This seems like a cloud-init issue given that cc_grub_dpkg.py exists in the first place to patch the grub-pc debconf key in cloud environments.
On the flip side, the GRUB prompt and shim-signed bug linked above could mean a fix should be elsewhere, maybe even in the Azure "gen 1" Ubuntu image. grub-efi* and shim-signed are marked as 'essential' packages in APT.

Apologies I don't have the full cloud-init logs, I may need to setup a test environment to collect them.

This issue may have existed for months. We only detected it after OS disks on new Azure VMs started to receive new serial IDs, a change I was unable to trace. Other factors triggered this for us recently.

@ubuntu-server-builder
Copy link
Collaborator Author

Launchpad user Brett Holman(holmanb) wrote on 2023-03-31T21:33:31.033023+00:00

Thanks for reporting this bug Adrien. I'm still working to understand what is happening here - in the meantime, I'm curious if, as a workaround, disabling this module might resolve your issue.
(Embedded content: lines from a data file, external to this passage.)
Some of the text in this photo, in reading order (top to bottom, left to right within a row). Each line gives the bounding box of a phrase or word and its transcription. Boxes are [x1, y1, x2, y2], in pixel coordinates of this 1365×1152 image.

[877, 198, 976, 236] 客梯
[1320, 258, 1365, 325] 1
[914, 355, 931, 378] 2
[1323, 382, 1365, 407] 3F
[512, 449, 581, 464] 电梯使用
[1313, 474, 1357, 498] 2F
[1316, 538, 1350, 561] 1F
The following provided to your instance on first boot would disable this module:

#cloud-config
grub_dpkg:
enabled: false

@ubuntu-server-builder
Copy link
Collaborator Author

Launchpad user Chad Smith(chad.smith) wrote on 2023-04-05T21:46:43.139595+00:00

Thanks for the bug links to both related bug discussions and prior cloud-init commits in this space. I've marked incomplete as bug status in hopes of feedback from Adrien on either:

Please do set this bug back to 'New' status above once you are able to provide feedback on either of those options to bump this back on our radar for triage review and debugging further

@ubuntu-server-builder
Copy link
Collaborator Author

Launchpad user Adrien Siebert(r-asiebert) wrote on 2023-04-10T18:05:12.737746+00:00

@brett, grub_dpkg is behaving properly so I wouldn't disable it.
Arguably, it doesn't do 'enough' to fix such situations, as it only fixes the grub-pc (BIOS) or grub-efi debconf keys (only grub-pc before #2029), and somehow in our case both the BIOS and EFI keys need an update.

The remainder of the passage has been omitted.